Treasurer Josh Frydenberg says it’s time for the private sector to drive the economy’s recovery. And, this being a Liberal Party article of faith, he’s likely to keep saying it in this month’s budget and the election campaign to follow. One small problem: there’s little sign it’s happening.
Last week’s national accounts for the December quarter were a reminder that the economy’s living on borrowed time and stored heat. Both households and businesses are cashed up as a result of “fiscal stimulus” – government income support – and income they weren’t able to spend during lockdowns.
It’s estimated that households have an extra $200 billion or more waiting to be spent. As it is spent, private consumption will continue growing strongly in real terms. But, absent further lockdowns, there’ll be no more special support from the budget. No more JobKeeper payments and the like, no more grants to encourage home building, and a looming end to tax breaks to encourage business investment in equipment and construction.
The two main things we need to achieve continuing strong economic growth (by which I mean growth in income per person, not just more immigration) is strong real growth in household consumption spending and business investment spending.
Trouble is, last week’s figures offered little assurance that either requirement will be forthcoming. Starting with business investment, Kieran Davies, of Coolabah Capital, reminds us that (even after including intangible investment in software and research and development) it’s presently at the “extraordinarily low” level of 10 per cent of gross domestic product, similar to the lows it reached in the recessions of the 1970s and 1990s.
It may be about to take off – or it may not be. It’s hard to think why a take-off is likely. Davies reminds us that a major benefit from a big lift in business investment would be a lift in the productivity of labour, as workers were supplied with the improved equipment they need to be more productive.
Indeed, you can turn the argument round the other way and wonder if the weak rates of business investment over the past decade or so do much to help explain why productivity has improved so little over the period.
Even the most tightwad employer must agree that improved labour productivity means wages can rise faster than prices without adding to inflation.
And if we want to see consumer spending, which accounts for well over half of GDP, continuing to grow strongly once all the money households saved during the pandemic has been spent, rising real wages are the only thing that will do it.
Trouble is, the (temporary) surges in consumer spending whenever we end a period of lockdown have given the impression the economy is booming, while concealing the truth that, after allowing for inflation, wages have been falling, not rising.
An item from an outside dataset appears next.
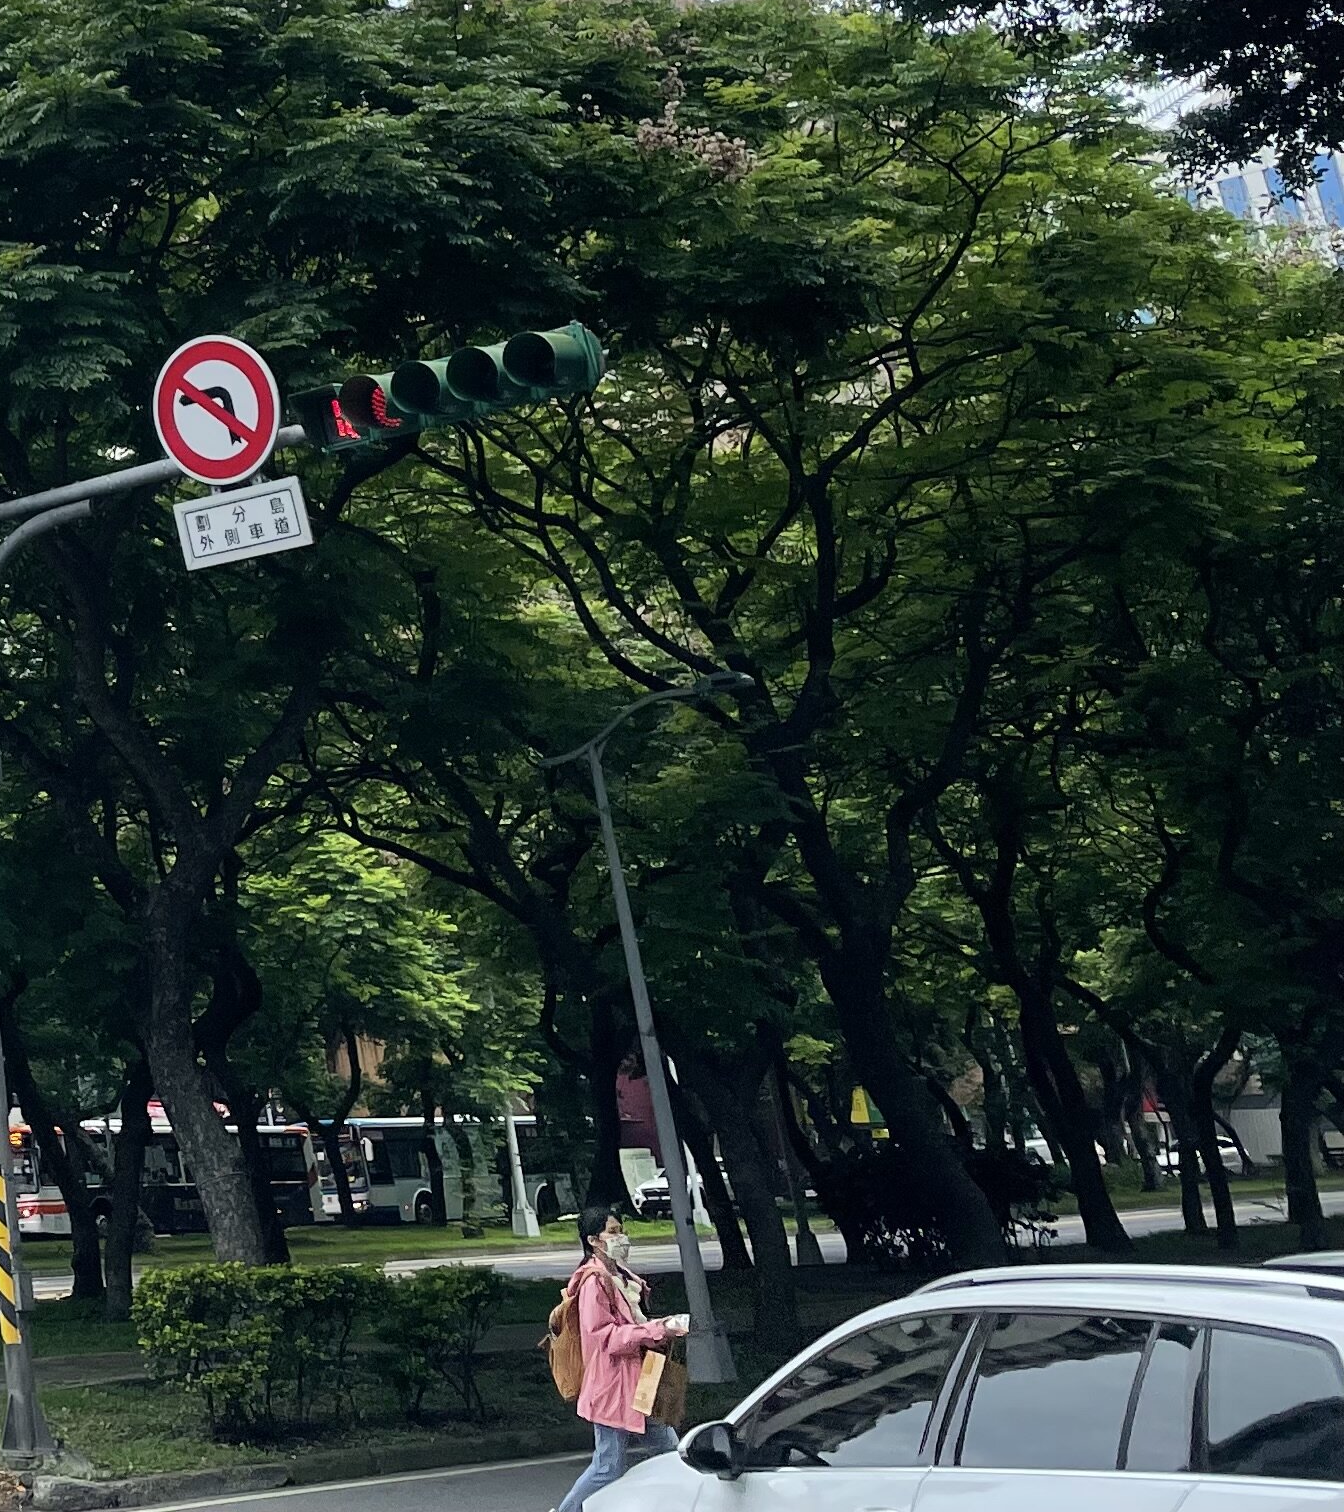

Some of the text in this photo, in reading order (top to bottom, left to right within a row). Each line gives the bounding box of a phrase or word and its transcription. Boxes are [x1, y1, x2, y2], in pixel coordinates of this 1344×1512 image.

[196, 497, 285, 532] 劃分島
[200, 517, 290, 552] 外側車道
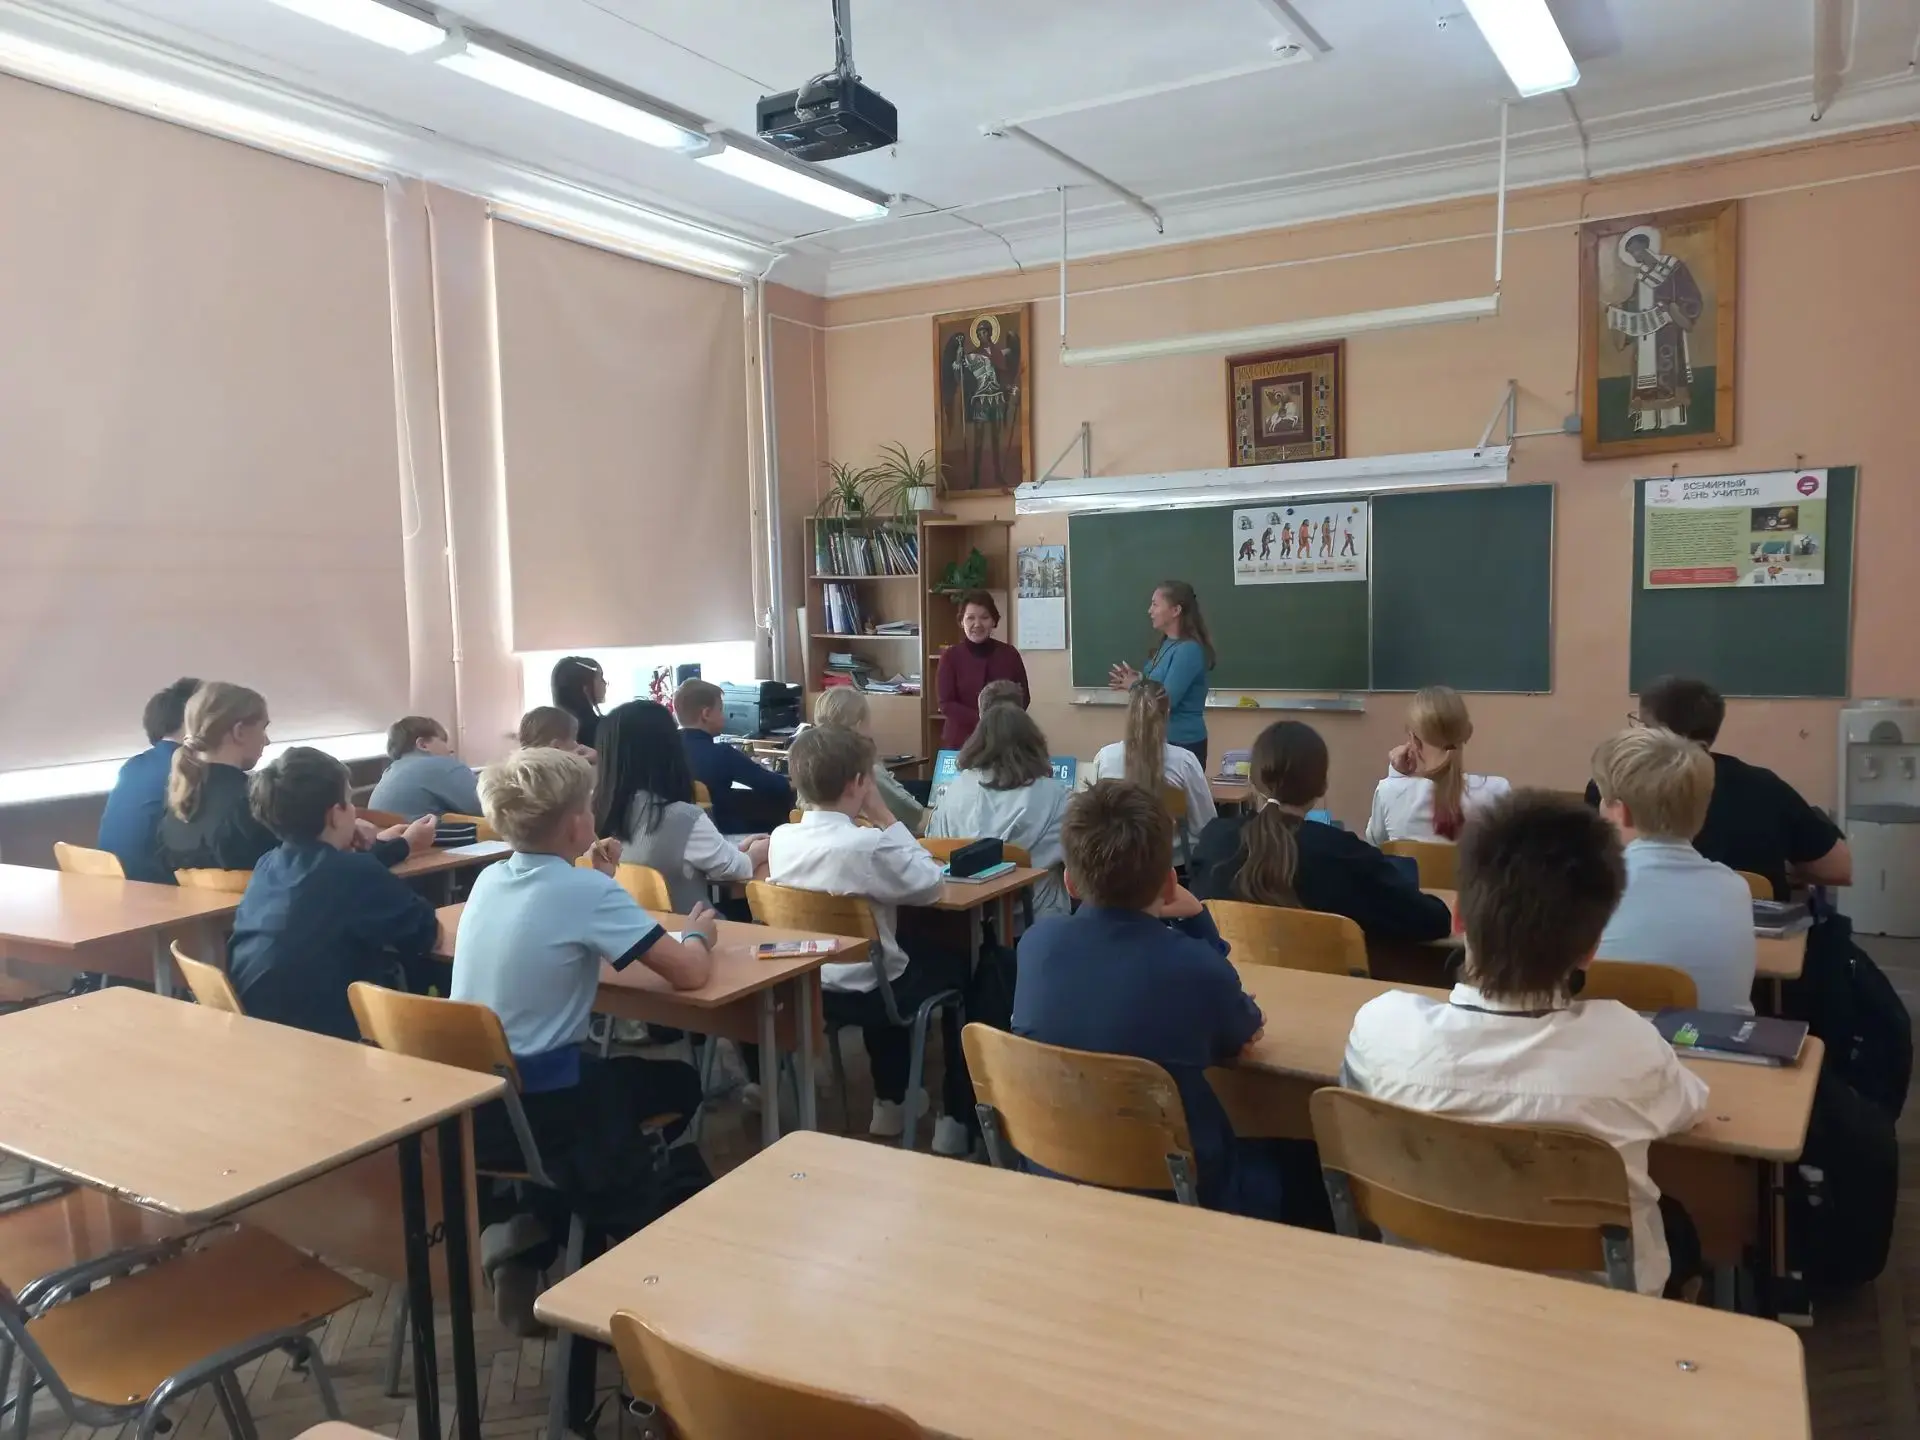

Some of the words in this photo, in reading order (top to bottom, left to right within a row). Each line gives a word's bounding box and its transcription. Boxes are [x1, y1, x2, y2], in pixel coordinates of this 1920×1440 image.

This is also reflected in last week’s news from the national accounts that “non-farm real unit labour costs” – which, by comparing the change in firms’ real labour costs with the change in the productivity of that labour, reflect the division of surplus between labour and profits – have fallen by 3 per cent since the start of the pandemic.
This should not come as a surprise when you remember that, in early 2020, when we feared the battle to control the virus would send us into a deep and lasting recession, most businesses moved immediately to impose a wage freeze.
Worried about whether the deep recession would sweep away their jobs, workers and their unions accepted the necessity of the freeze.
But that’s not the way things turned out. The pandemic wasn’t nearly as bad as epidemiologists first expected it to be, vaccines turned up much earlier than had been hoped, lockdowns were often short and intermittent, and unprecedented fiscal stimulus shifted much of the cost of the lockdowns off private businesses’ profit and loss accounts and onto the public sector’s budgets.
In the main, private sector profits have held up surprisingly well.
So the key issue of whether consumer spending, and thus the wider economy, can continue growing strongly after households have finished the spending repressed during the lockdowns is what happens to wage growth. And that comes down to three questions.
First, will employees get outsized pay rises this year to compensate them for the wage freeze that turned out not to be needed?
Second, will employees also get pay rises big enough to cover all the recent increase in living costs they face – higher petrol prices and the rest – or will employers, public as well as private, ask them to “take one for the team” one more time? If so, real wages will fall further and future consumer spending will be stuffed.
Third, will the econocrats’ strategy of running a super-tight labour market force tight-fisted employers to increase wages, as the only desperation measure able to attract the workers they need?
Or will the labour shortages gradually dissipate now our border’s been reopened to overseas students, backpackers and skilled immigrants on temporary visas?
Meanwhile, the man who should be solving our cost-of-living/weak wages problem will be blustering on about the private sector taking over the running. If the Opposition can’t make this the central focus of the election campaign, it deserves to lose. It, too, would be bad at managing the economy.